*** DATA UNDER STUDY Section Begins ***
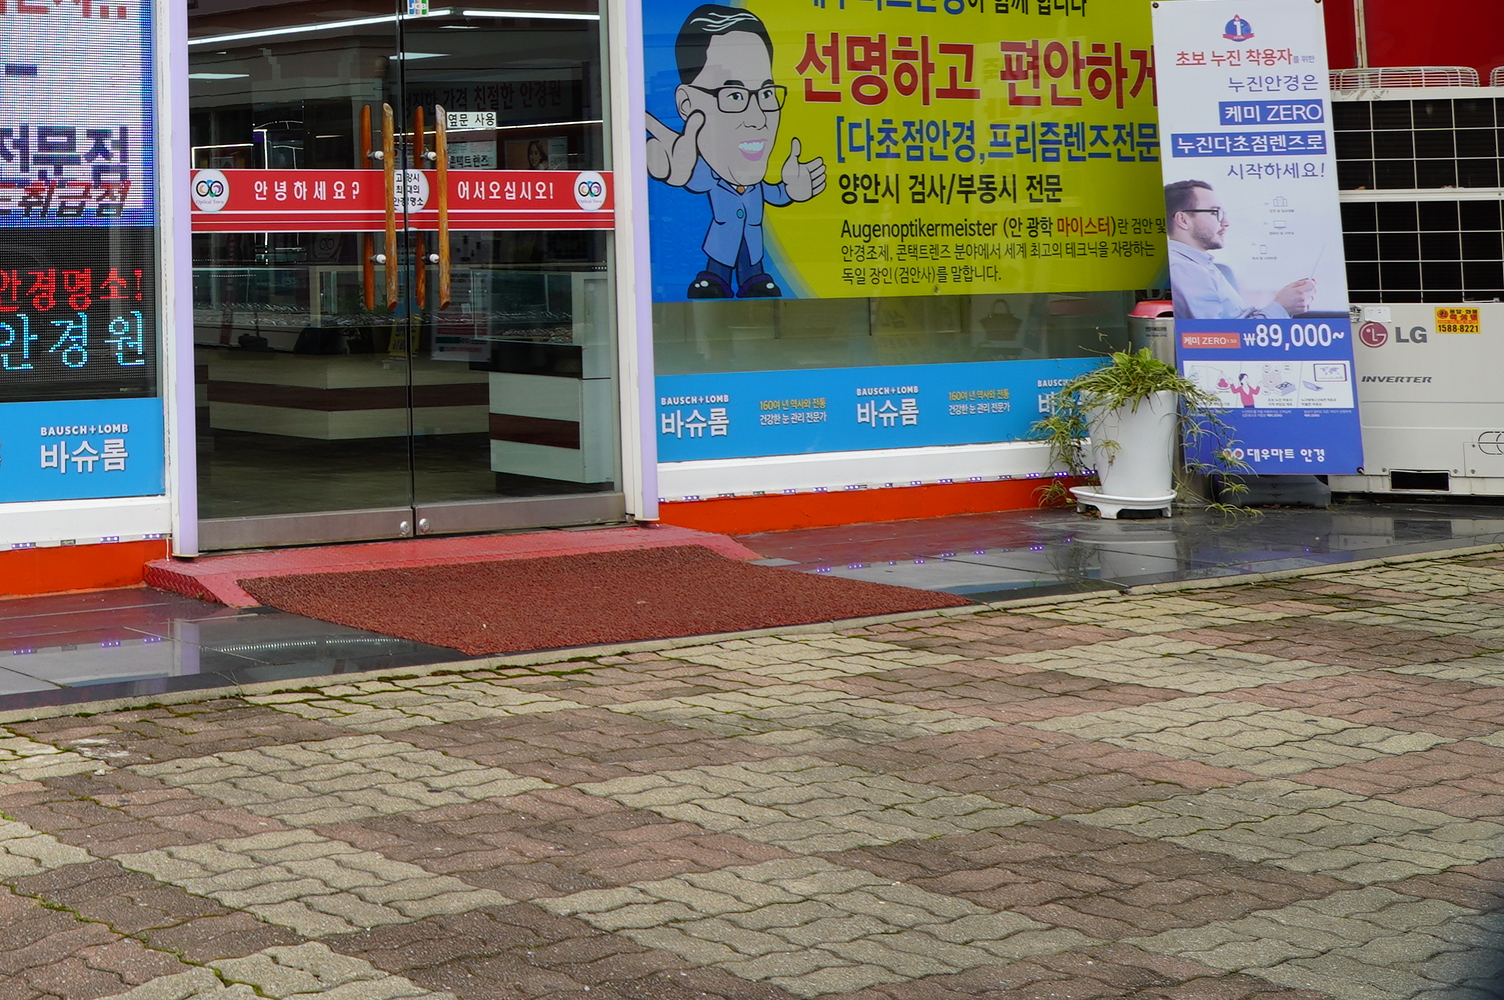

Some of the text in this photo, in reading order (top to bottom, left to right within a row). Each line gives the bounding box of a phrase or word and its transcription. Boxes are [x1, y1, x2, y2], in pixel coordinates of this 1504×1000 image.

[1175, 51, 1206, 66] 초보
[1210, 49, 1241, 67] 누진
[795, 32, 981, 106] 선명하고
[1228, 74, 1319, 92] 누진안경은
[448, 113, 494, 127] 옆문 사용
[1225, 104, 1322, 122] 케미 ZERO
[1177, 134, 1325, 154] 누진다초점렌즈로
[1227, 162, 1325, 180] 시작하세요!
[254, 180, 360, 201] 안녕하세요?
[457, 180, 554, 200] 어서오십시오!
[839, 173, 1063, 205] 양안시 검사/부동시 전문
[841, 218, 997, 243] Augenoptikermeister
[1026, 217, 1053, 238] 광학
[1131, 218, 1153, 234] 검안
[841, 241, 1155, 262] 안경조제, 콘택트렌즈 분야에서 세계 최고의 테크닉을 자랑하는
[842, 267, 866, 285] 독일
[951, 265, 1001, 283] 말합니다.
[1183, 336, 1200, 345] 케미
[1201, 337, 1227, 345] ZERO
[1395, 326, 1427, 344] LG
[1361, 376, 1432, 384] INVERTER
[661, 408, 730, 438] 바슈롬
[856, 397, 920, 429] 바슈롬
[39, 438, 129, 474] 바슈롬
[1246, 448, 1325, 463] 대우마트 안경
*** DATA UNDER STUDY Section Ends ***
ASSIGNMENT:
Without any pictures, return the material above exactly.

ANSWER:
Some of the text in this photo, in reading order (top to bottom, left to right within a row). Each line gives the bounding box of a phrase or word and its transcription. Boxes are [x1, y1, x2, y2], in pixel coordinates of this 1504×1000 image.

[1175, 51, 1206, 66] 초보
[1210, 49, 1241, 67] 누진
[795, 32, 981, 106] 선명하고
[1228, 74, 1319, 92] 누진안경은
[448, 113, 494, 127] 옆문 사용
[1225, 104, 1322, 122] 케미 ZERO
[1177, 134, 1325, 154] 누진다초점렌즈로
[1227, 162, 1325, 180] 시작하세요!
[254, 180, 360, 201] 안녕하세요?
[457, 180, 554, 200] 어서오십시오!
[839, 173, 1063, 205] 양안시 검사/부동시 전문
[841, 218, 997, 243] Augenoptikermeister
[1026, 217, 1053, 238] 광학
[1131, 218, 1153, 234] 검안
[841, 241, 1155, 262] 안경조제, 콘택트렌즈 분야에서 세계 최고의 테크닉을 자랑하는
[842, 267, 866, 285] 독일
[951, 265, 1001, 283] 말합니다.
[1183, 336, 1200, 345] 케미
[1201, 337, 1227, 345] ZERO
[1395, 326, 1427, 344] LG
[1361, 376, 1432, 384] INVERTER
[661, 408, 730, 438] 바슈롬
[856, 397, 920, 429] 바슈롬
[39, 438, 129, 474] 바슈롬
[1246, 448, 1325, 463] 대우마트 안경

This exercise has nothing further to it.